I was a little kid a product of the 1950’s. I was born August 16,1953. So on August 16, 1959 I turned six years old. And by the end of the decade I was six and a half and half way through first grade.
I went to elementary school in the Island Trees school district and the elementary school was called Michael F Stokes elementary school. My home address was officially in Bethpage and they had their own school district but I still was in the Island Trees school district.
It was a very middle class working class area. Elementary school was pretty normal and relatively uneventful. I did K through 6th grade at Stokes and I do believe I received a good proper elementary education.
I was not a great student. And never did well in math or science or English for that matter. But I loved social studies and history. I excelled in that area. Back in those days my inability to comprehend math and science was put down to laziness. And I am sure there was a degree of that in me. But for whatever reason those subjects never and until this day still don’t made sense to me. I just could not find the logic or reasoning in the math and sciences. By today’s definition it just didn’t compute.

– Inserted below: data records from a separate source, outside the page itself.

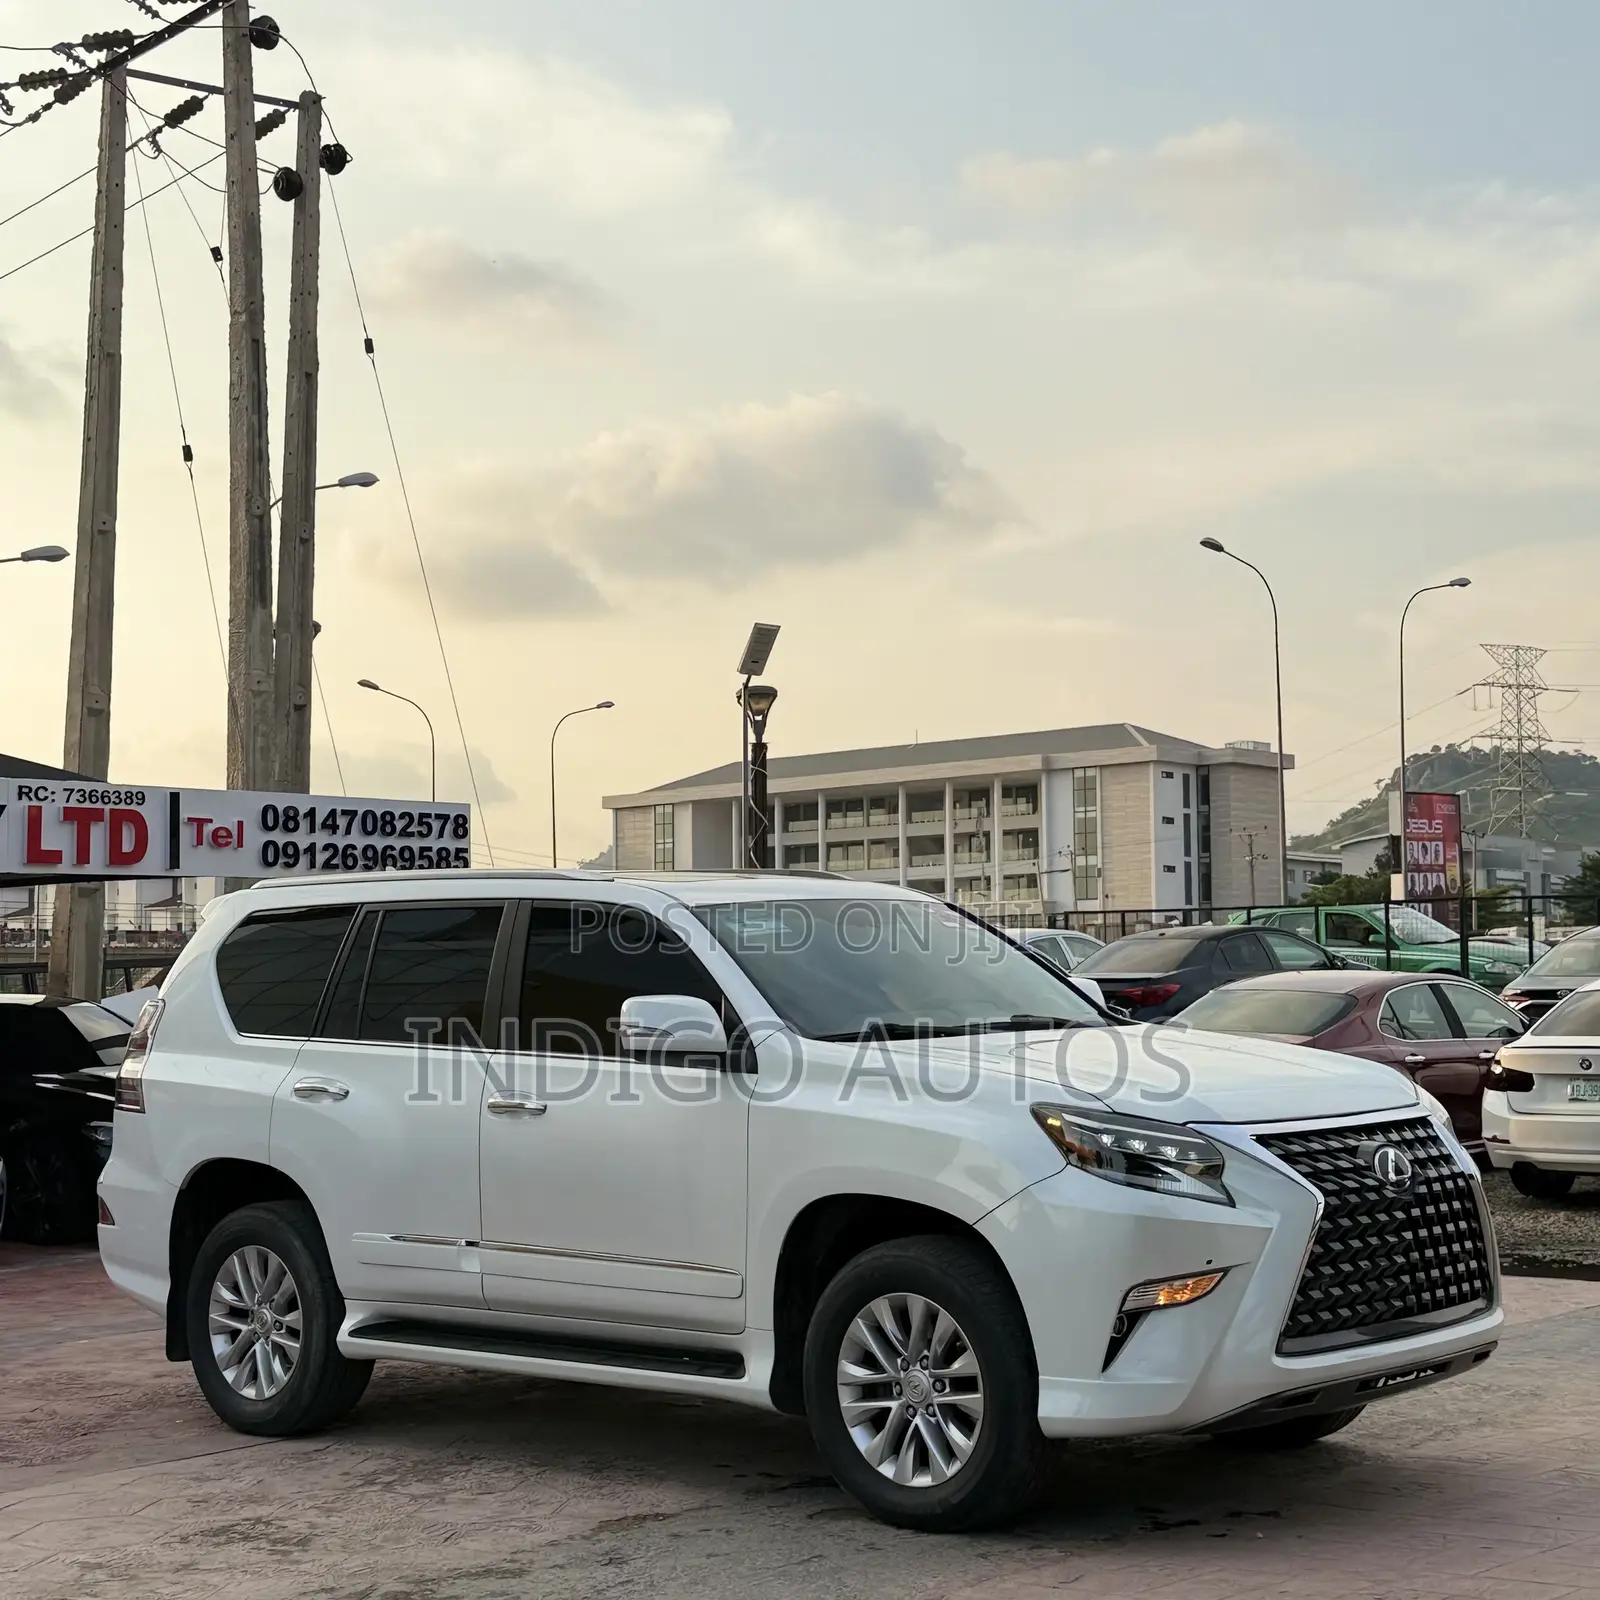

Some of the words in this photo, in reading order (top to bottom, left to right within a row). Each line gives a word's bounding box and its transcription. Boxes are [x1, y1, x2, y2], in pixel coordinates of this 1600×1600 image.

[18, 785, 56, 803] RC:
[62, 788, 146, 805] 7366389
[24, 805, 149, 866] LTD
[184, 816, 244, 849] Tel
[261, 804, 469, 839] 08147082578
[1406, 819, 1443, 833] JESUS
[261, 840, 469, 870] 09126969585
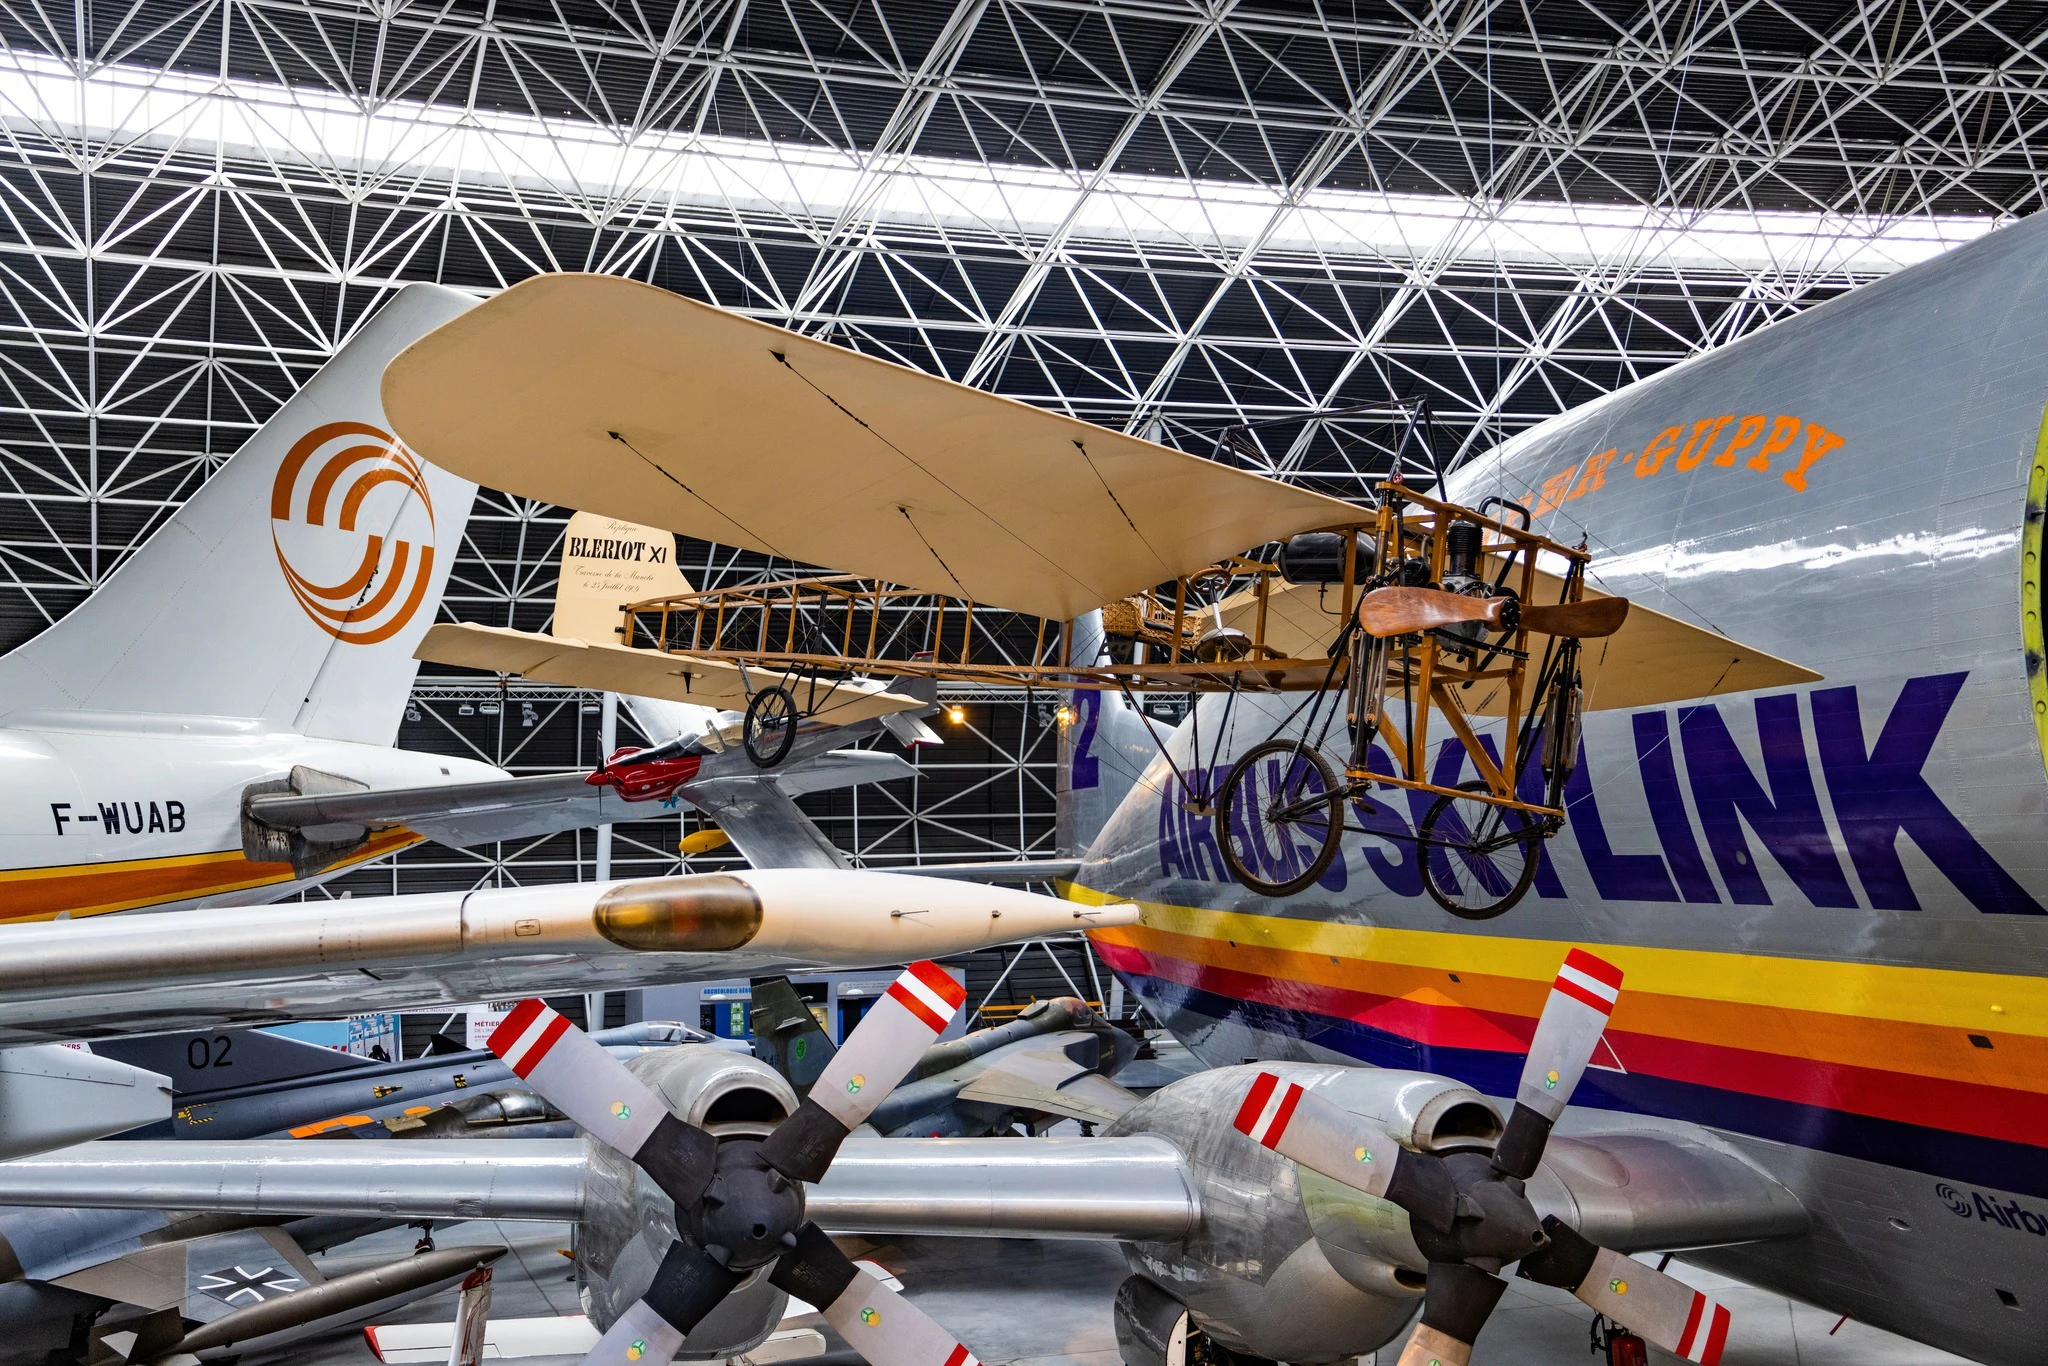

Today it might be explained as ADD or dyslexia. And it seemed to get worse as I advanced in school. How I made it through college with a BA in History from Boston University and teachers certification is still a mystery for me.
As for graduating law school at Northern Illinois University and passing the Bar, well that is so shocking that I still have nightmares that I didn’t graduate law school and I took the bar exam under false pretenses. Seriously, I wake up in cold sweats that my life as a lawyer is a sham.
And I think it all stems from my poor elementary School performances and all my teachers telling my parents that I was a very smart little boy, just very lazy. He’s just not trying. And I always thought I was trying, it just wasn’t “computing”.
But overall my first decade with the exception of my eye troubles was pretty uneventful. The 60’s were another story. I will save those reflections for another night.